┌────────
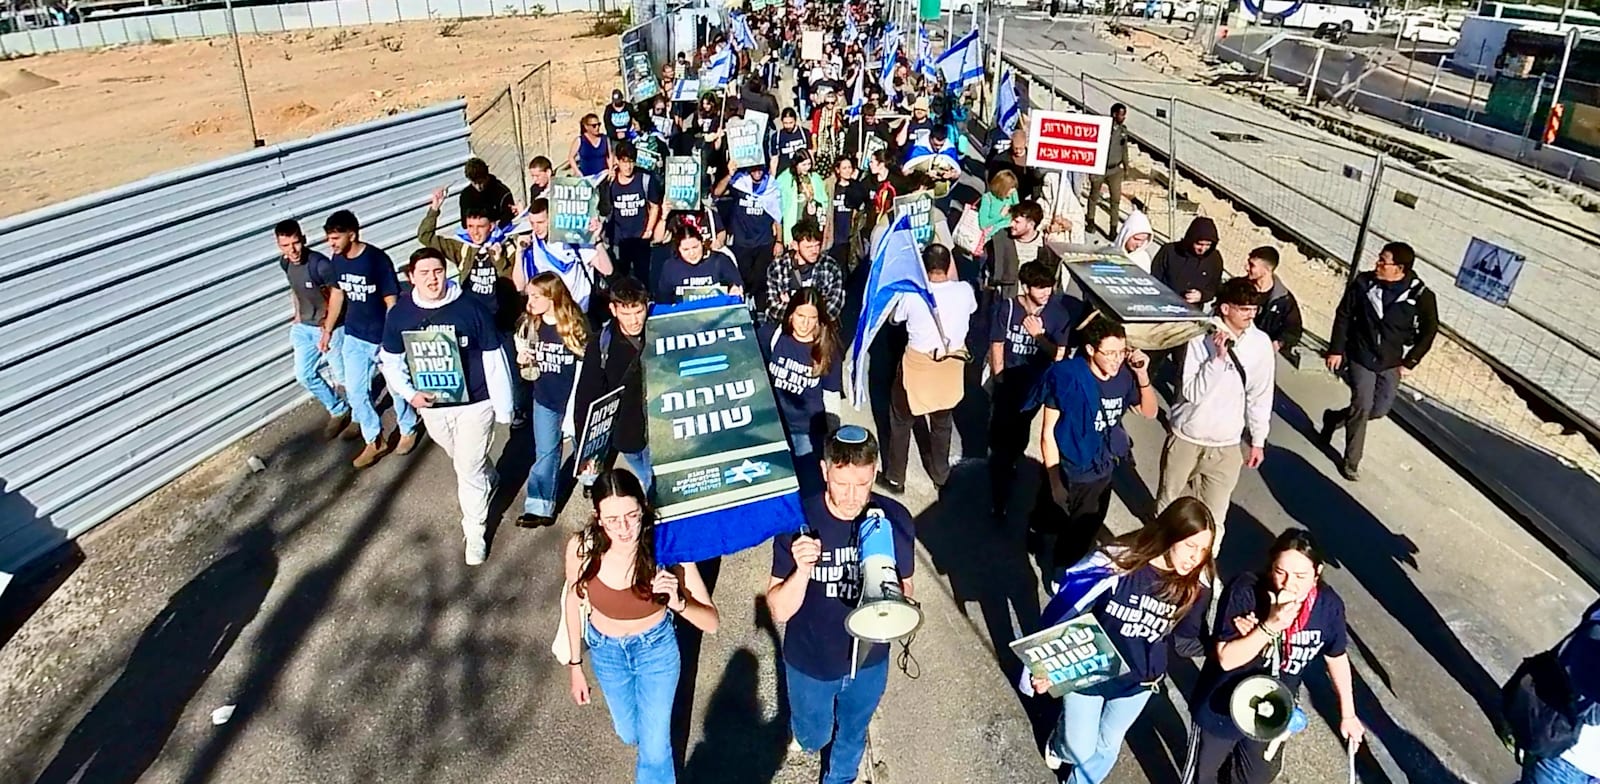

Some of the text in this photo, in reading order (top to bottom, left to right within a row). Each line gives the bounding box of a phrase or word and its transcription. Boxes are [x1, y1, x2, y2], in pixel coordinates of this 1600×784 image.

[669, 162, 698, 175] שירות
[554, 184, 592, 201] שירות
[669, 187, 696, 202] לכולם
[557, 200, 588, 215] שווה
[554, 213, 590, 231] לכולם
[910, 212, 930, 228] שוו
[1089, 275, 1155, 286] שירות
[1105, 285, 1161, 296] שווה
[410, 341, 452, 357] רוצים
[655, 326, 746, 355] ביטחון
[413, 356, 454, 373] לשרת
[419, 373, 458, 388] בכבוד
[774, 377, 805, 396] לכולם
[660, 379, 756, 413] שירות
[590, 398, 620, 427] שירות
[589, 415, 614, 442] שווה
[672, 405, 753, 440] שווה
[1104, 599, 1143, 623] שווה
[1119, 622, 1161, 644] לכולם
[1024, 627, 1096, 663] שירות
[1041, 642, 1098, 672] שווה
[1047, 653, 1109, 685] לכולם
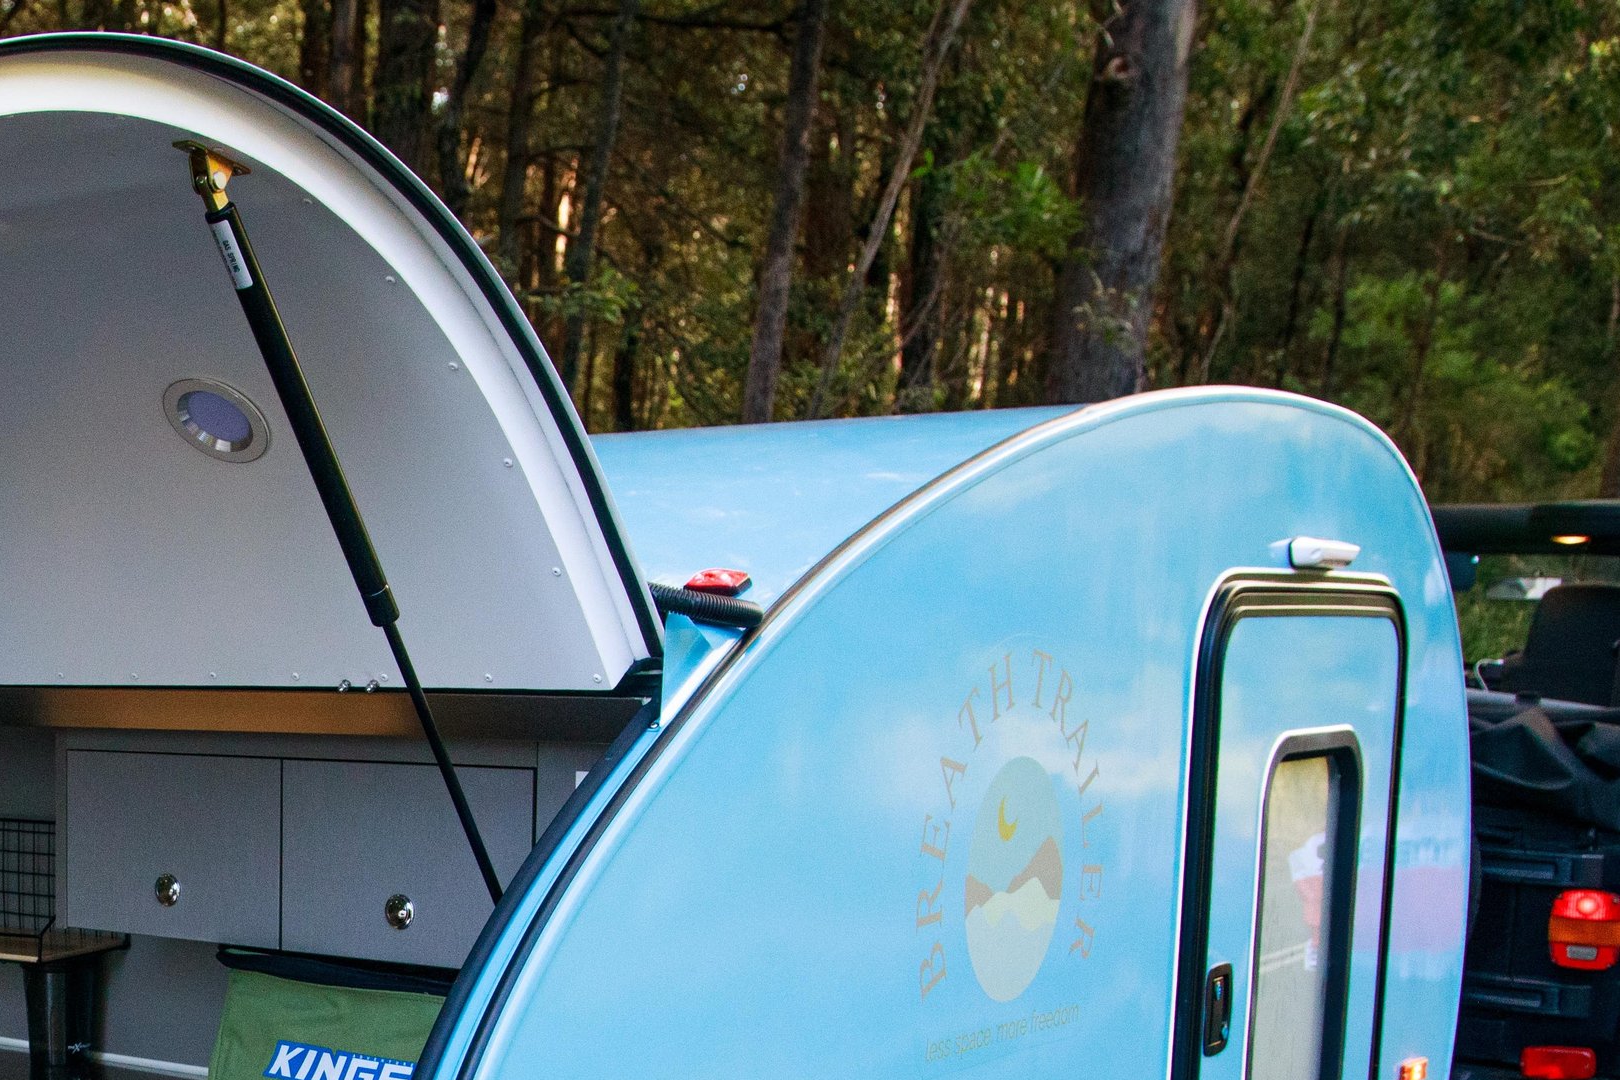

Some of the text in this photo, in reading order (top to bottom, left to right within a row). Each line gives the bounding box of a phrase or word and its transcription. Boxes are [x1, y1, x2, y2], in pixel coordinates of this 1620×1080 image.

[222, 240, 231, 251] GAS
[227, 252, 240, 273] SPRING
[925, 1004, 1080, 1062] less space more freedom
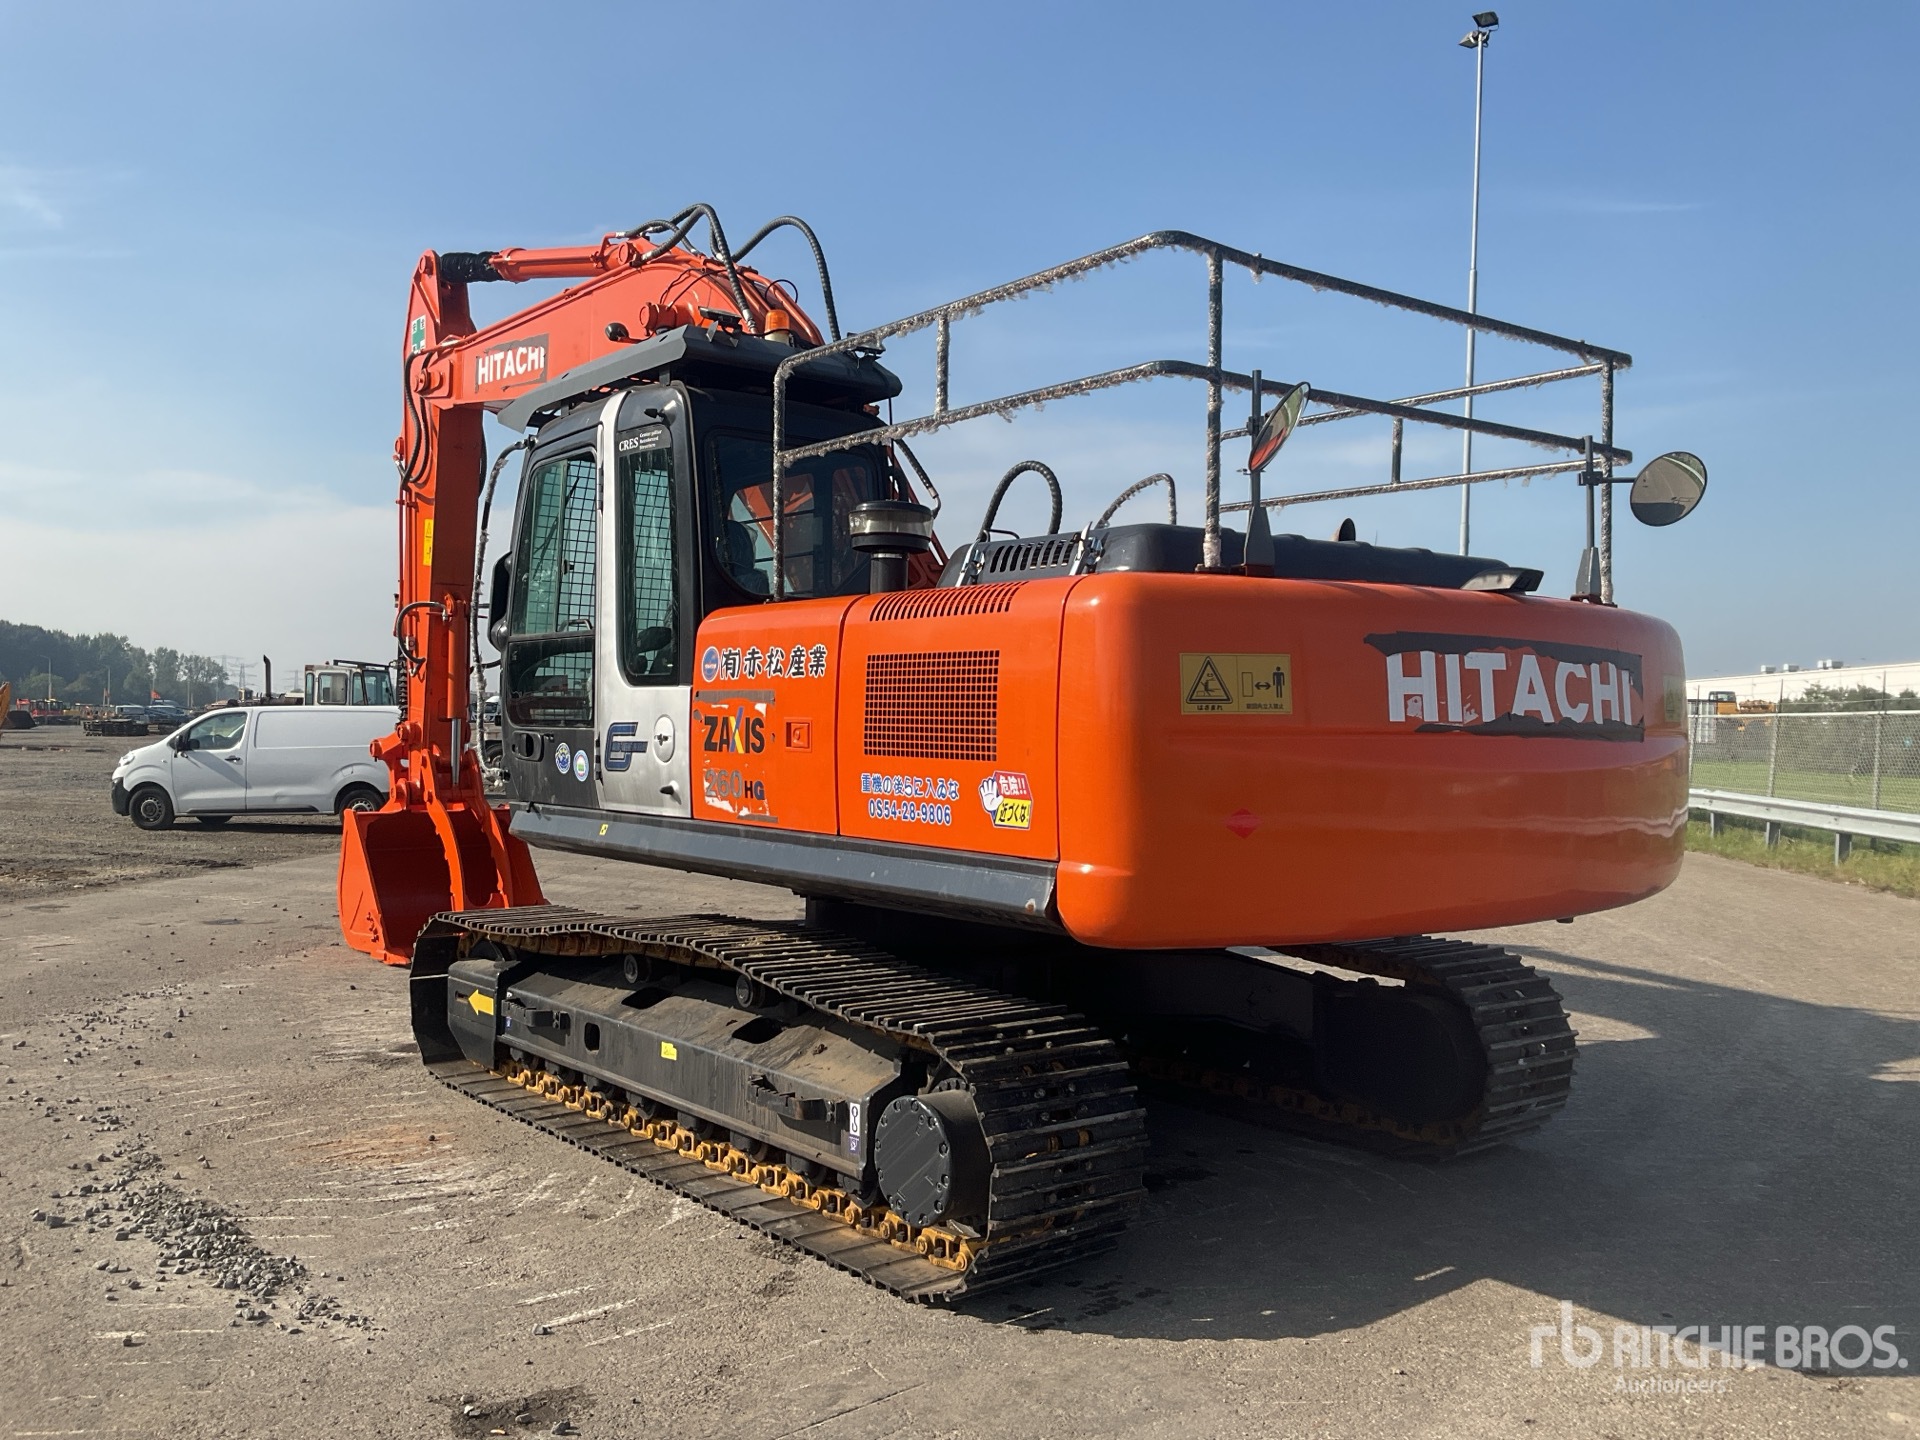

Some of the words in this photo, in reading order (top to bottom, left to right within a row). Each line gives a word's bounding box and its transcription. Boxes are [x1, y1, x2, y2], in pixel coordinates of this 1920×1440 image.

[477, 346, 545, 385] HITACHI
[619, 437, 639, 451] CRES
[1386, 650, 1634, 725] HITACHI
[704, 706, 765, 754] ZAXIS
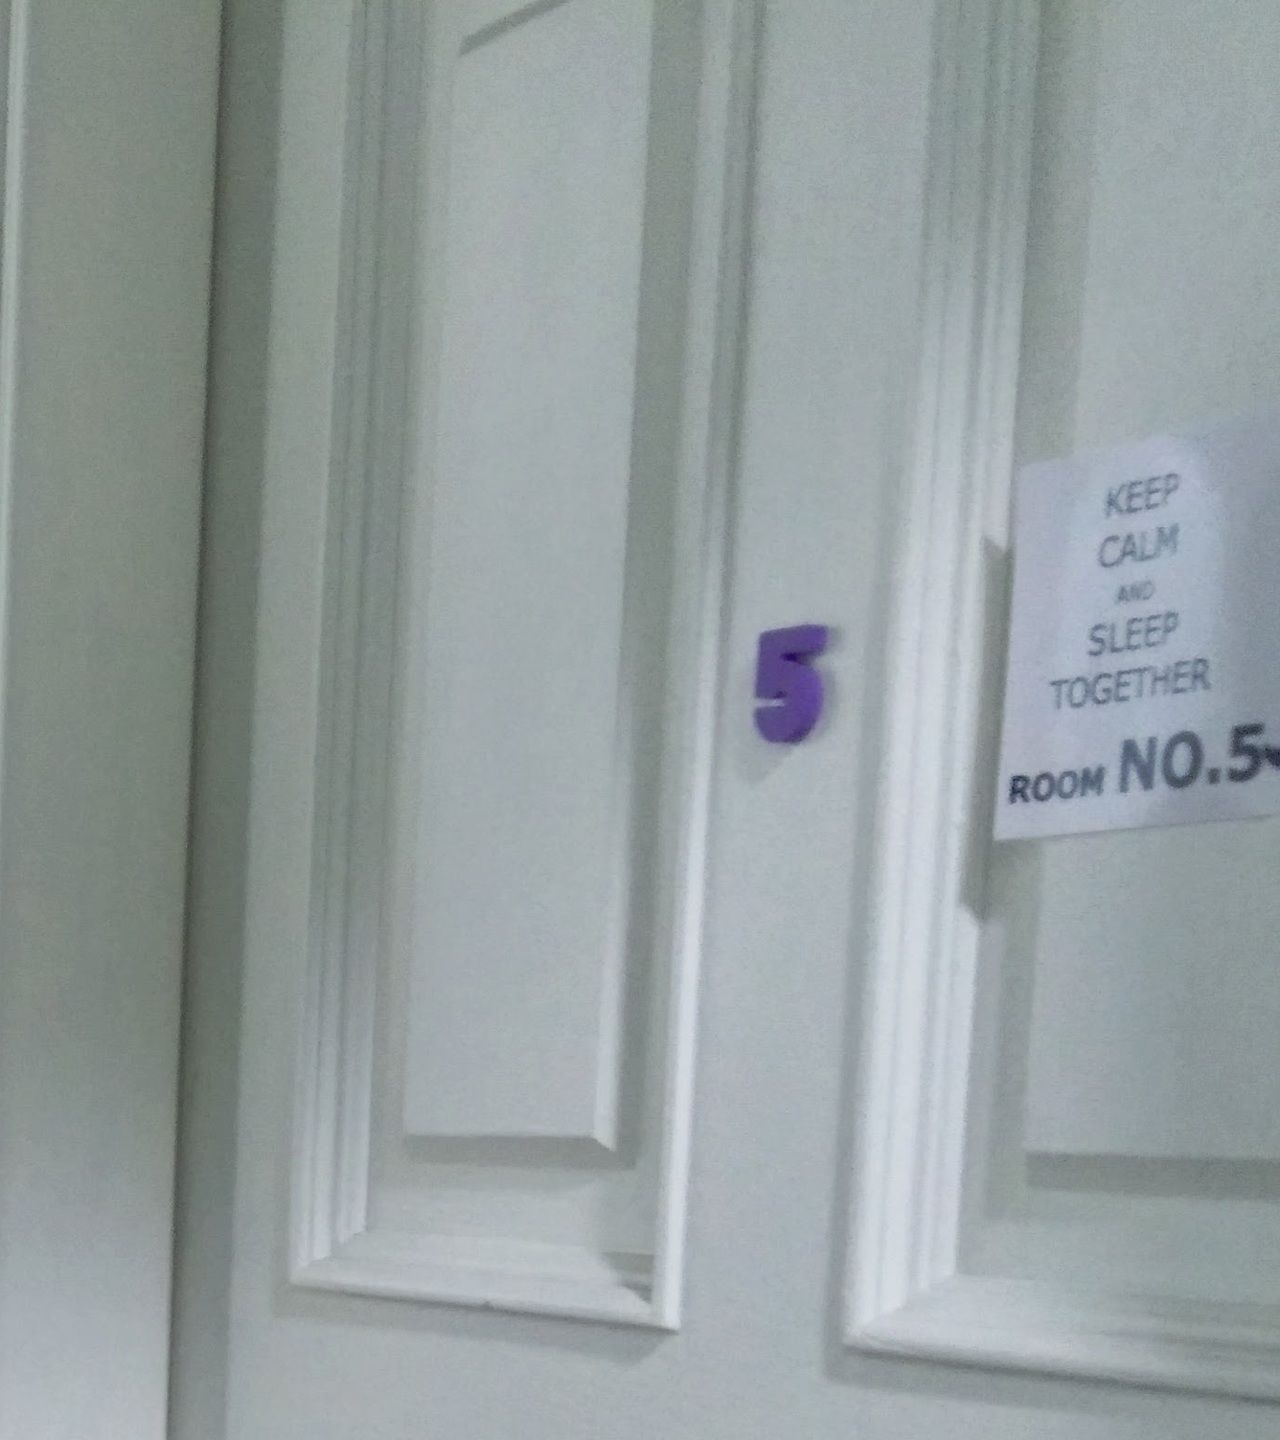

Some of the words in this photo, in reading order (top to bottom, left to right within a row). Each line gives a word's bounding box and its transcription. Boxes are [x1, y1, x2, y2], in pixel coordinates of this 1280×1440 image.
└────────
# Problem statement:
A verbatim transcript of the material above, with images dropped, is the expected output.

# Exercise answer:
Some of the text in this photo, in reading order (top to bottom, left to right within a row). Each line gives the bounding box of a phrase or word and its transcription. Boxes are [x1, y1, x2, y2], in pixel coordinates of this 1600×784 image.

[669, 162, 698, 175] שירות
[554, 184, 592, 201] שירות
[669, 187, 696, 202] לכולם
[557, 200, 588, 215] שווה
[554, 213, 590, 231] לכולם
[910, 212, 930, 228] שוו
[1089, 275, 1155, 286] שירות
[1105, 285, 1161, 296] שווה
[410, 341, 452, 357] רוצים
[655, 326, 746, 355] ביטחון
[413, 356, 454, 373] לשרת
[419, 373, 458, 388] בכבוד
[774, 377, 805, 396] לכולם
[660, 379, 756, 413] שירות
[590, 398, 620, 427] שירות
[589, 415, 614, 442] שווה
[672, 405, 753, 440] שווה
[1104, 599, 1143, 623] שווה
[1119, 622, 1161, 644] לכולם
[1024, 627, 1096, 663] שירות
[1041, 642, 1098, 672] שווה
[1047, 653, 1109, 685] לכולם

Some of the text in this photo, in reading order (top to bottom, left to right within a row). Each line gives the bounding box of a phrase or word and its transcription. Boxes are [x1, y1, x2, y2], in pixel coordinates of this 1620×1080 image.

[222, 240, 231, 251] GAS
[227, 252, 240, 273] SPRING
[925, 1004, 1080, 1062] less space more freedom

Some of the words in this photo, in reading order (top to bottom, left to right within a row). Each line gives a word's bounding box and its transcription. Boxes are [x1, y1, x2, y2], in pixel coordinates of this 1920×1440 image.

[477, 346, 545, 385] HITACHI
[619, 437, 639, 451] CRES
[1386, 650, 1634, 725] HITACHI
[704, 706, 765, 754] ZAXIS

Some of the words in this photo, in reading order (top to bottom, left to right within a row). Each line gives a word's bounding box and its transcription. Boxes are [x1, y1, x2, y2], in pixel coordinates of this 1280×1440 image.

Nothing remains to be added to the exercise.